**Work instructions:**
Produce word for word the lines of the data below running from the one that has "this 1418×1418 image." to the one that has "Some of the text", inclusive, and no others.

**Data for processing:**
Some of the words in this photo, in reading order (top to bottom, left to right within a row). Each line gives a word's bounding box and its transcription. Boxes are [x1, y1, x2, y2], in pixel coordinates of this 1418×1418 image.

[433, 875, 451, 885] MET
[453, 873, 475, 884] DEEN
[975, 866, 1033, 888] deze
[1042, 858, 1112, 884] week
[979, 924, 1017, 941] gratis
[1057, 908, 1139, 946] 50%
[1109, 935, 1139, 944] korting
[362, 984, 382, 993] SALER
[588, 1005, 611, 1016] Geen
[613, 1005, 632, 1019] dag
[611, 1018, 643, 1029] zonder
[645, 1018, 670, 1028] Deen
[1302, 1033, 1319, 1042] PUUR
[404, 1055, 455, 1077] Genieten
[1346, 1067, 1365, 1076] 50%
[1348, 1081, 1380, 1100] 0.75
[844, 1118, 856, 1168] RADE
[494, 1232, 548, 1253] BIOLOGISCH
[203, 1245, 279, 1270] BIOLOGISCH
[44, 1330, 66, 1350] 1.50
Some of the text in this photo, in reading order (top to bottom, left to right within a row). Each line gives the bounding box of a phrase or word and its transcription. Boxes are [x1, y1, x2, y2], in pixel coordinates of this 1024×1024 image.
* * *
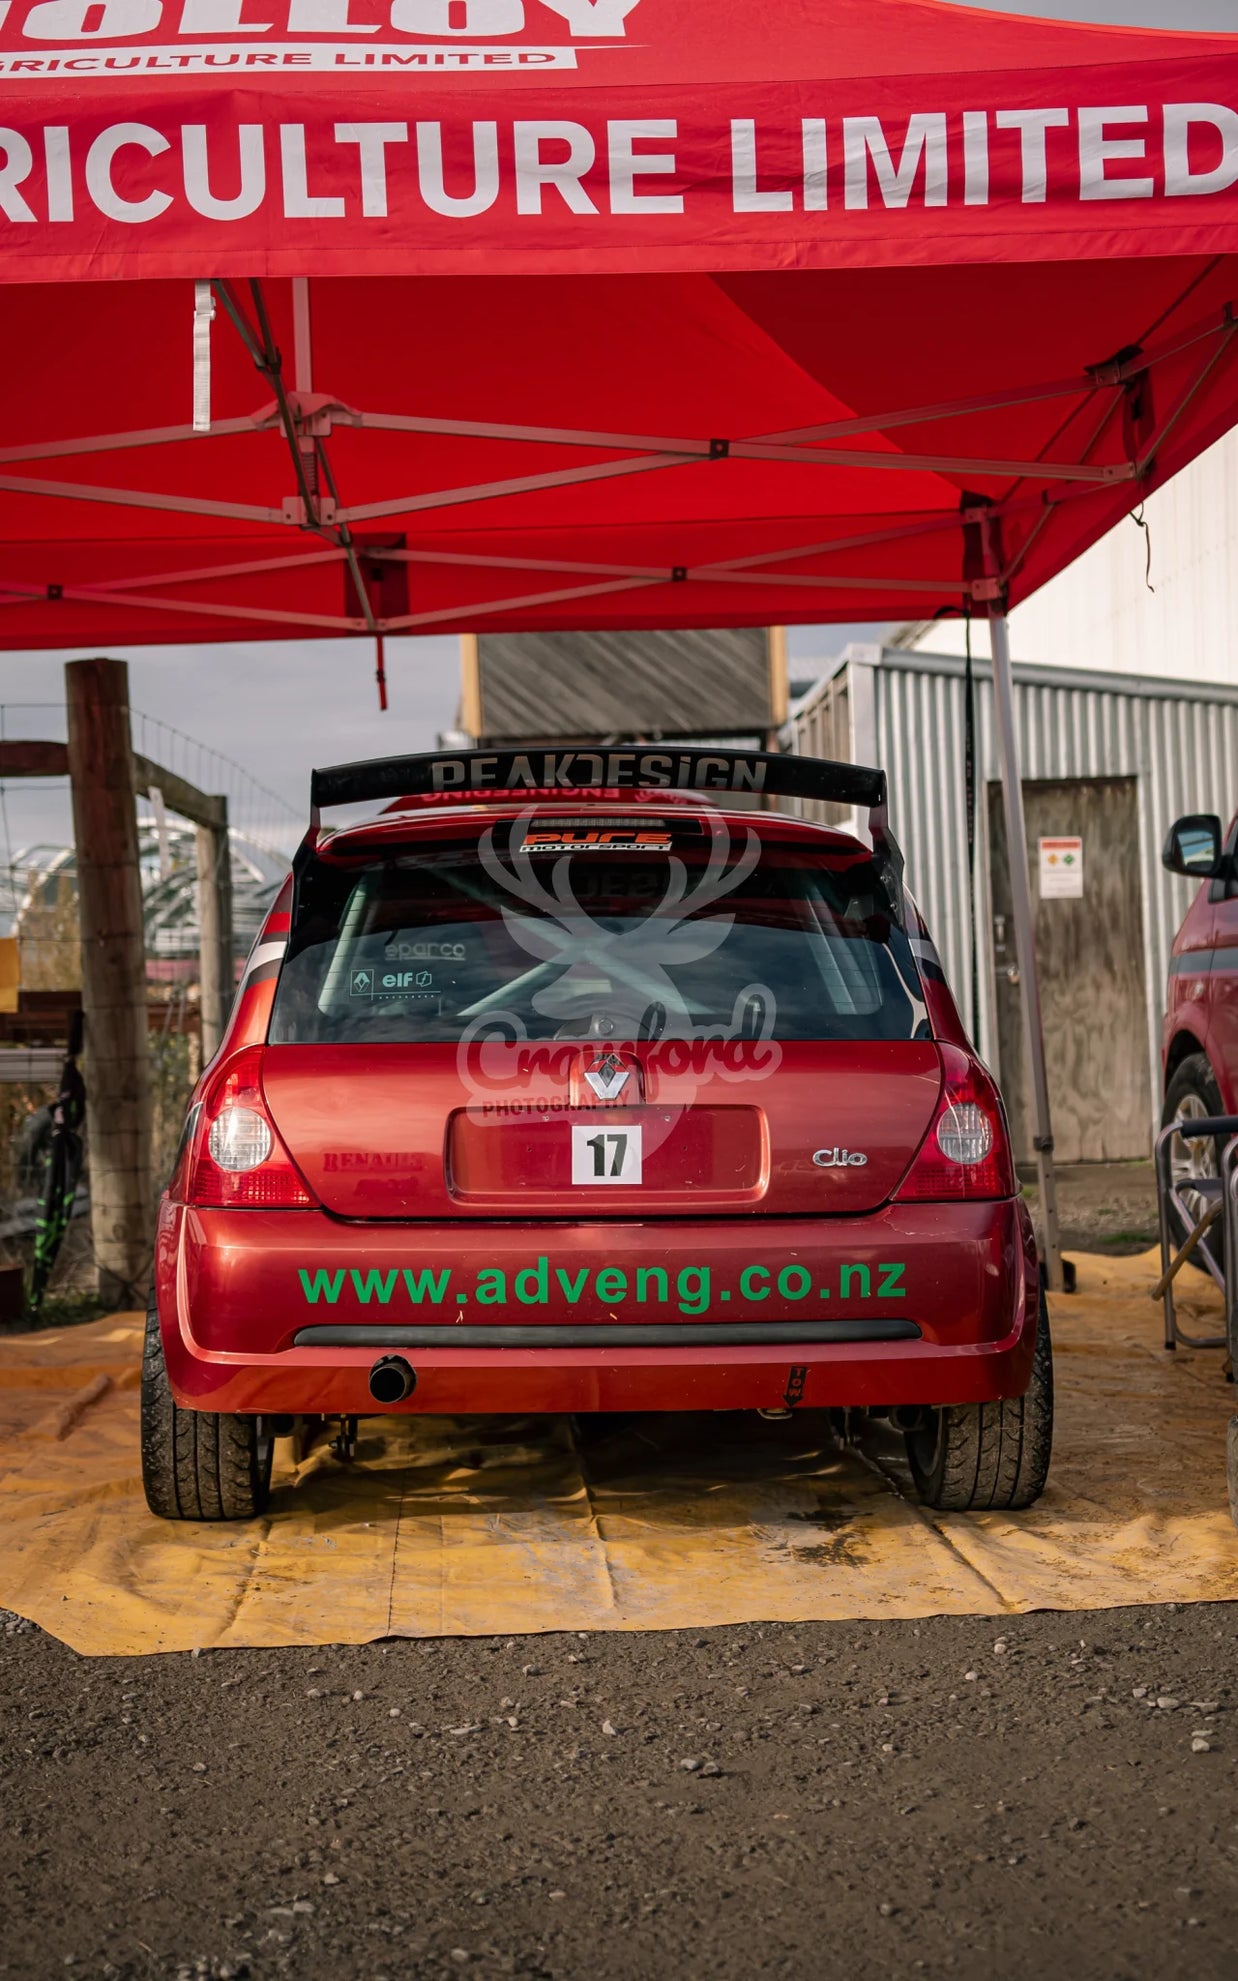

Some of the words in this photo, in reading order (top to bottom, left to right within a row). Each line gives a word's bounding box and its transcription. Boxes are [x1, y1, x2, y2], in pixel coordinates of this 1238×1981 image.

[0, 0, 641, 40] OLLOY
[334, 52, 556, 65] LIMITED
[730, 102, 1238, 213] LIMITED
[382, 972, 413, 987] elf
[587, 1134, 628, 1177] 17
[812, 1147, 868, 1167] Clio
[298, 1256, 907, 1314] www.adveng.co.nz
---
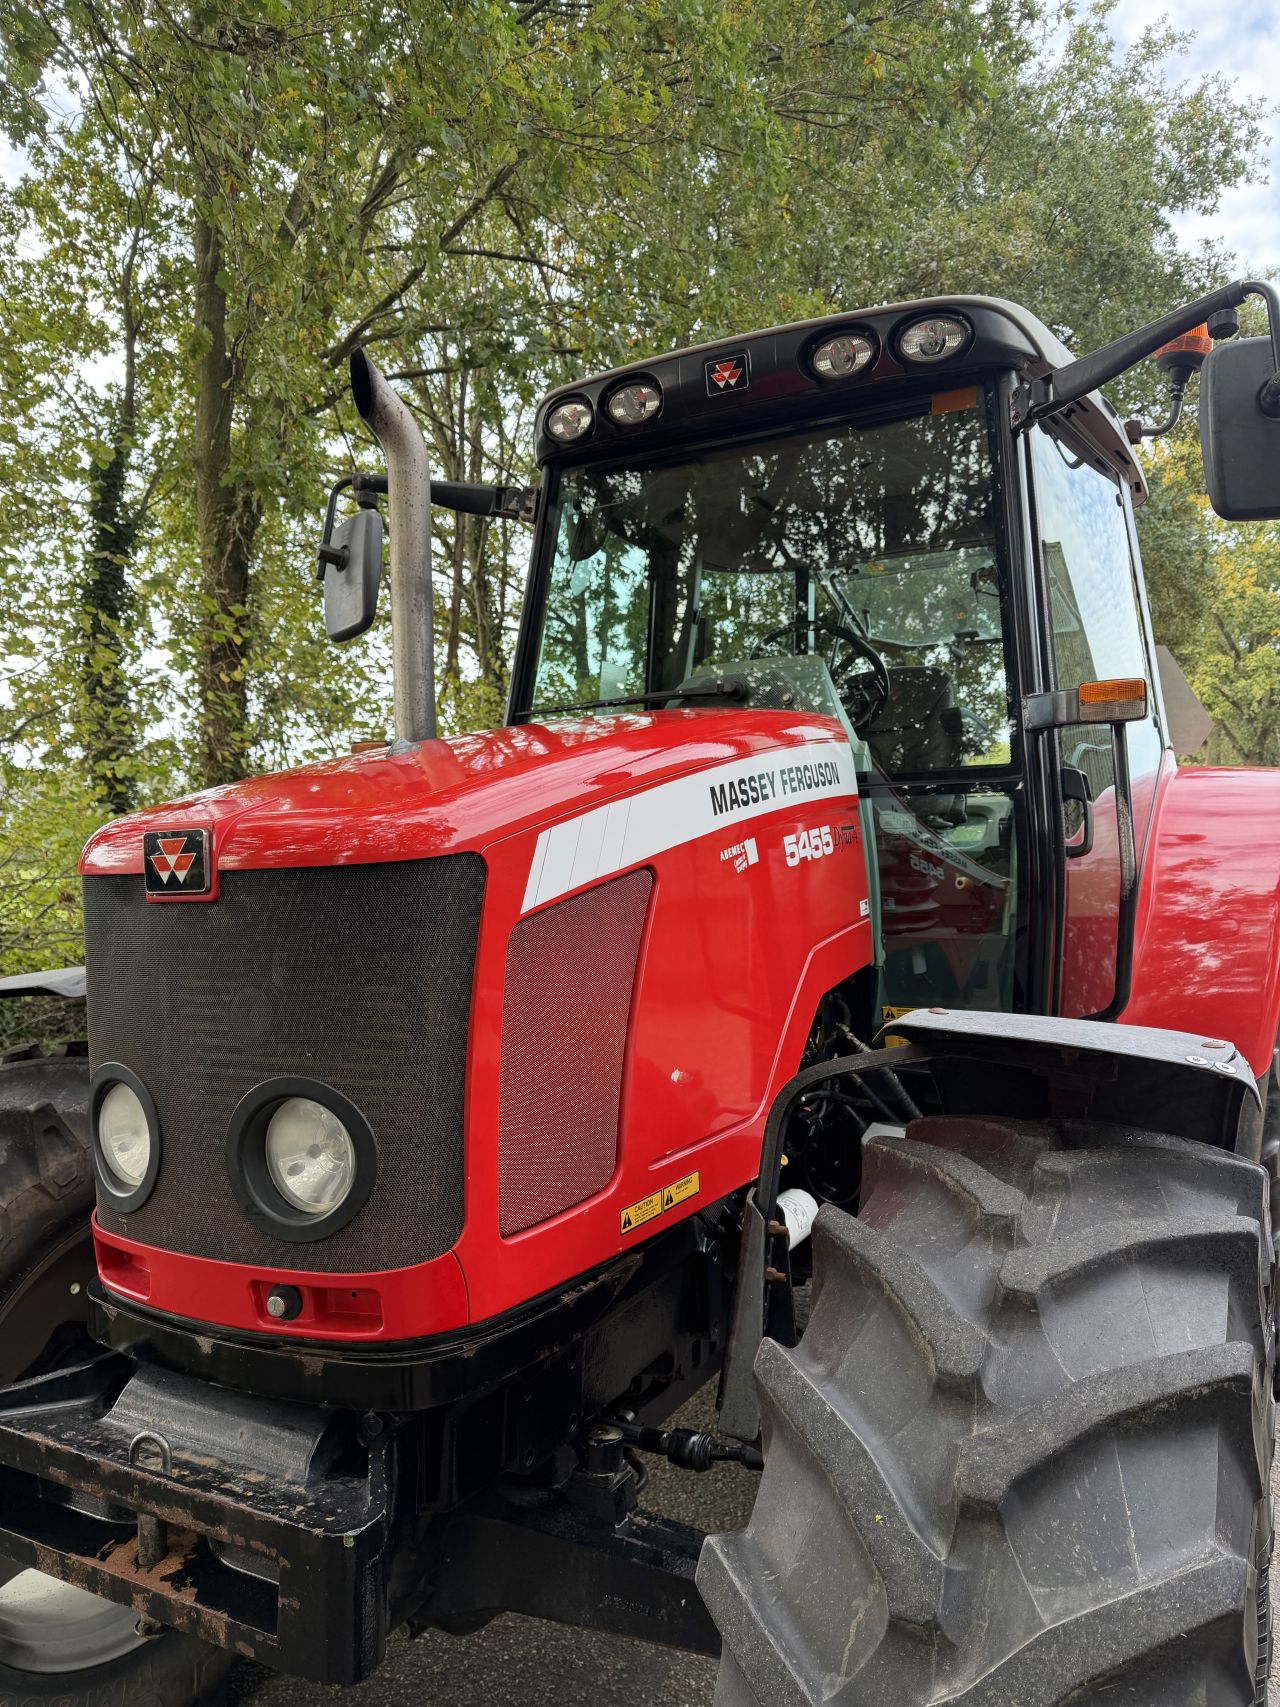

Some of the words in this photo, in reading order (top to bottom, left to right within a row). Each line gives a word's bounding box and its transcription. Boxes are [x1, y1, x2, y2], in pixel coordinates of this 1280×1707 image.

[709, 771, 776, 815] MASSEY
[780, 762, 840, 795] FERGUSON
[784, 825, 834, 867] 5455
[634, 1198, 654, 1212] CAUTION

**Your solution:**
Some of the words in this photo, in reading order (top to bottom, left to right within a row). Each line gives a word's bounding box and its transcription. Boxes are [x1, y1, x2, y2], in pixel coordinates of this 1418×1418 image.

[433, 875, 451, 885] MET
[453, 873, 475, 884] DEEN
[975, 866, 1033, 888] deze
[1042, 858, 1112, 884] week
[979, 924, 1017, 941] gratis
[1057, 908, 1139, 946] 50%
[1109, 935, 1139, 944] korting
[362, 984, 382, 993] SALER
[588, 1005, 611, 1016] Geen
[613, 1005, 632, 1019] dag
[611, 1018, 643, 1029] zonder
[645, 1018, 670, 1028] Deen
[1302, 1033, 1319, 1042] PUUR
[404, 1055, 455, 1077] Genieten
[1346, 1067, 1365, 1076] 50%
[1348, 1081, 1380, 1100] 0.75
[844, 1118, 856, 1168] RADE
[494, 1232, 548, 1253] BIOLOGISCH
[203, 1245, 279, 1270] BIOLOGISCH
[44, 1330, 66, 1350] 1.50
Some of the text in this photo, in reading order (top to bottom, left to right within a row). Each line gives the bounding box of a phrase or word and its transcription. Boxes are [x1, y1, x2, y2], in pixel coordinates of this 1024×1024 image.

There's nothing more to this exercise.